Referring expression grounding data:
++++++++++++++++++++

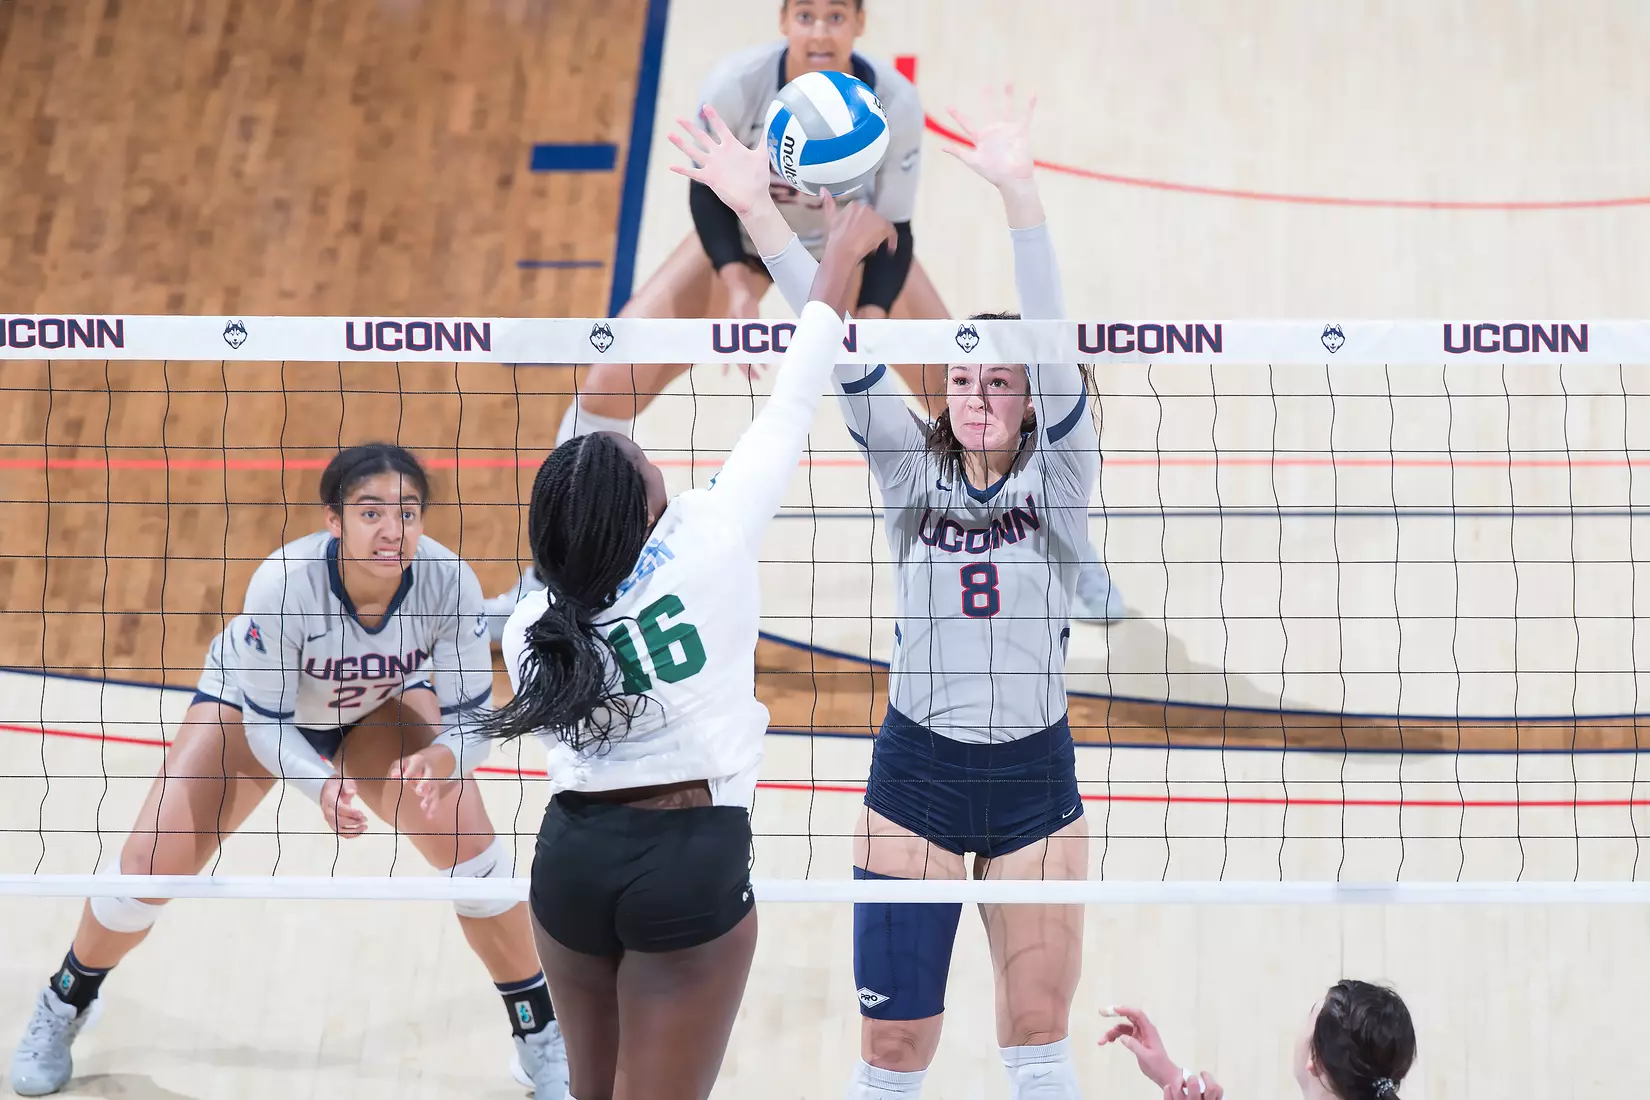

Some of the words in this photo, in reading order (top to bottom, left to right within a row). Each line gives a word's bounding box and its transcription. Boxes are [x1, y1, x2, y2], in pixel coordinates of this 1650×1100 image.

[783, 135, 802, 190] molte
[0, 318, 124, 349] CONN
[345, 321, 491, 352] UCONN
[1077, 323, 1223, 354] UCONN
[1443, 323, 1589, 354] UCONN
[918, 494, 1041, 555] UCONN
[959, 562, 1001, 619] 8
[607, 594, 708, 697] 16
[328, 682, 402, 709] 27
[860, 993, 878, 1002] PRO

++++++++++++++++++++

** Your assignment **
Your copy should match every entry above exactly and contain no pictures.

** Solution **
Some of the words in this photo, in reading order (top to bottom, left to right within a row). Each line gives a word's bounding box and its transcription. Boxes are [x1, y1, x2, y2], in pixel coordinates of this 1650×1100 image.

[783, 135, 802, 190] molte
[0, 318, 124, 349] CONN
[345, 321, 491, 352] UCONN
[1077, 323, 1223, 354] UCONN
[1443, 323, 1589, 354] UCONN
[918, 494, 1041, 555] UCONN
[959, 562, 1001, 619] 8
[607, 594, 708, 697] 16
[328, 682, 402, 709] 27
[860, 993, 878, 1002] PRO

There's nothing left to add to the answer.